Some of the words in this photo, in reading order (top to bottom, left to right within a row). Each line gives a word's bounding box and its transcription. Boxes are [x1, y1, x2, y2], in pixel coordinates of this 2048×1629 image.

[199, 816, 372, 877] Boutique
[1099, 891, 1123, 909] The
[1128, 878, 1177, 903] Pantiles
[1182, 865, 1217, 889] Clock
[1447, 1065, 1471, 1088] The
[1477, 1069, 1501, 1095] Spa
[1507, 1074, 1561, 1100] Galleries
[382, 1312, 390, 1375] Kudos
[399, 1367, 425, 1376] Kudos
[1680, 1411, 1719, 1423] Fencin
__________________________________________________
Retype the whole of the material word for word.

Some of the words in this photo, in reading order (top to bottom, left to right within a row). Each line gives a word's bounding box and its transcription. Boxes are [x1, y1, x2, y2], in pixel coordinates of this 2048×1629 image.

[199, 816, 372, 877] Boutique
[1099, 891, 1123, 909] The
[1128, 878, 1177, 903] Pantiles
[1182, 865, 1217, 889] Clock
[1447, 1065, 1471, 1088] The
[1477, 1069, 1501, 1095] Spa
[1507, 1074, 1561, 1100] Galleries
[382, 1312, 390, 1375] Kudos
[399, 1367, 425, 1376] Kudos
[1680, 1411, 1719, 1423] Fencin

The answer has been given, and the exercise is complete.